This was such a lovely question and I'm happy to answer it! So firstly, in the US we have daylight savings time which is this concept in which in the summer, the clocks move forward and hour in order to allow for more daylight, and then in the fall they're pushed back an hour and you lose daylight. So in July, it'll be bright until 8pm but tonight the sun was setting at 4:15pm.
For me, when the colder months come, the sun retreats behind huge walls of gray and we don't see the sun as often. I remember the year my son went to kindergarten, they were doing a calendar where they'd put the weather on it, and he came home and proudly told me we'd only had 4 days of sunshine across 31 days.
It DOES affect people. We get sad- seasonal affective disorder is a real thing. I take a vitamin D supplement and I like to think that's working but it could just be a placebo. I WANT it to, so it does. More people are indoors together, which means we're all sick during the colder months, too.
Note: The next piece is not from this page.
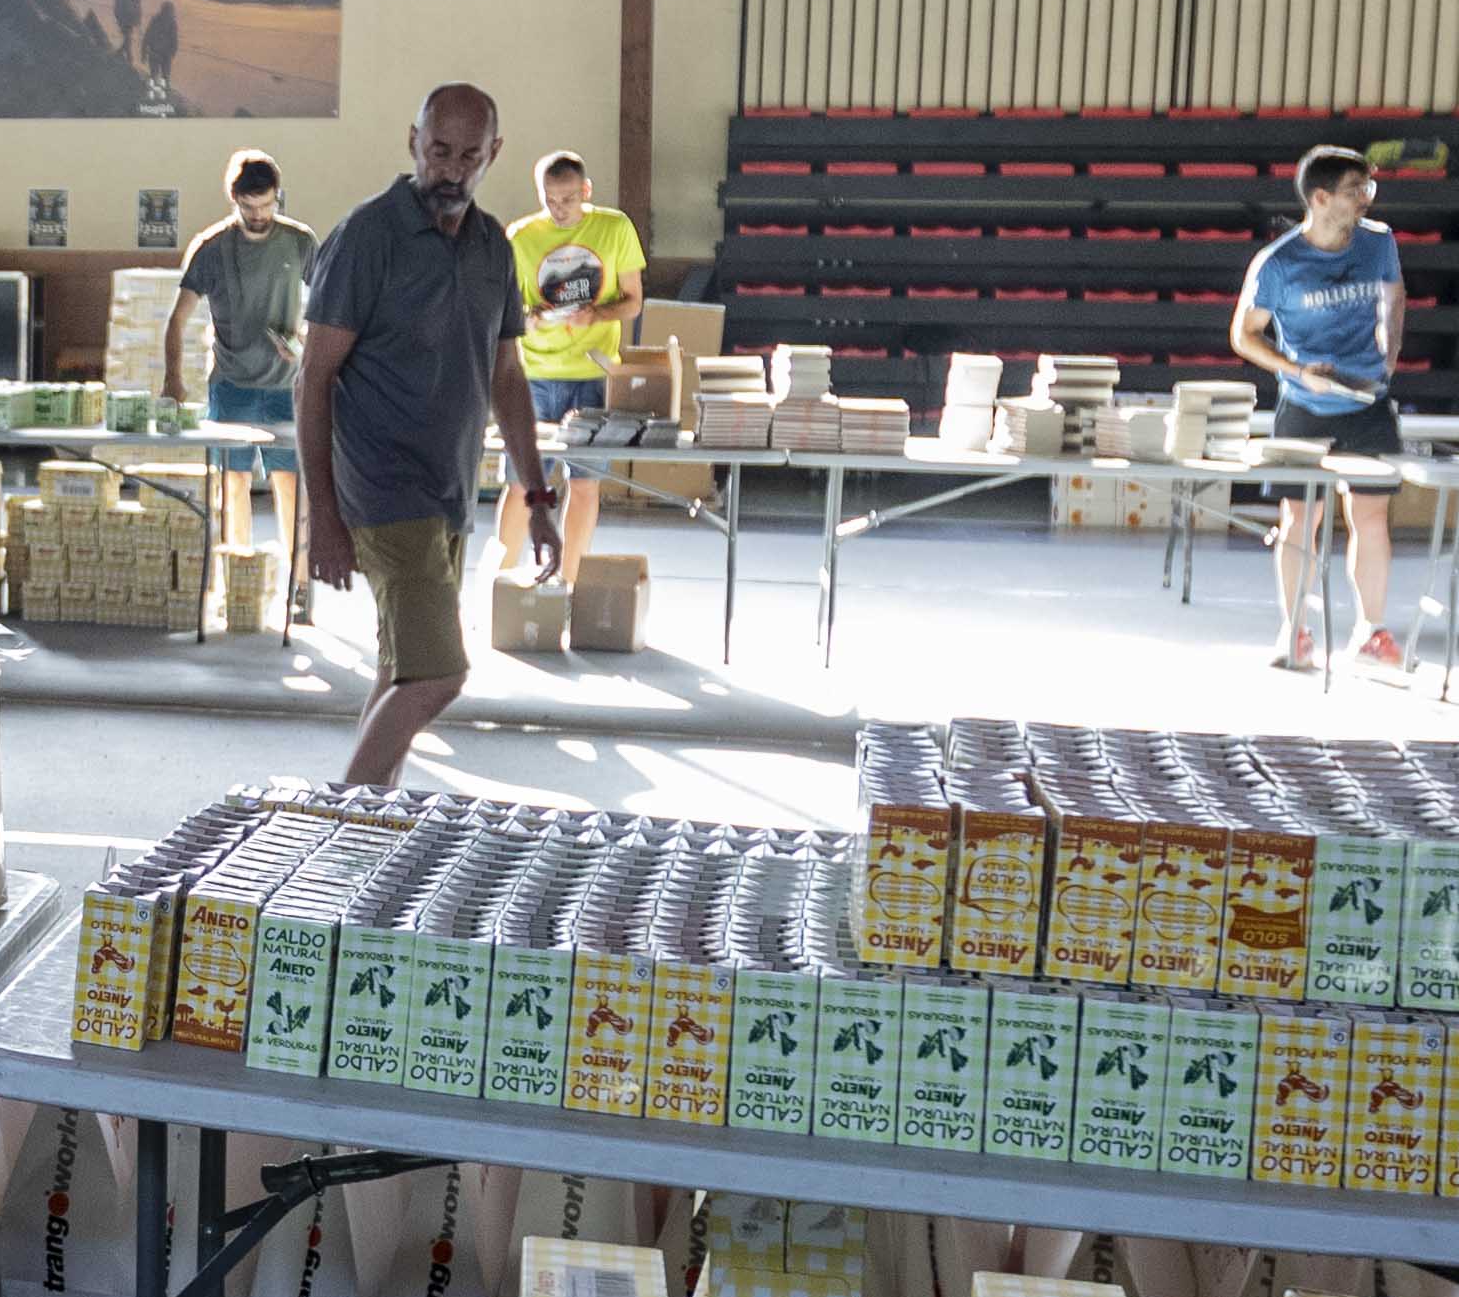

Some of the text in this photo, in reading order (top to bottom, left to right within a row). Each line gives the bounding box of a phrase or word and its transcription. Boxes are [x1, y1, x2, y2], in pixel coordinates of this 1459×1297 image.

Life goes on, though. People still go to school/work etc, even in the dark. I hate it because some days I wake up and its dark and I go to work and when I'm done it's dark again.
I don't know if it's making people hungrier or sleepier tbh. Maybe I'm sleeping better because it's darker and I'm a hoe for aesthetics, so I have breezy white curtains over my window to let in maximum light which means in spring/summer there is always light flooding in at 6am.
You get used to it, I think. I envy your year round warmth and I don't think I'm built for endless summer, either.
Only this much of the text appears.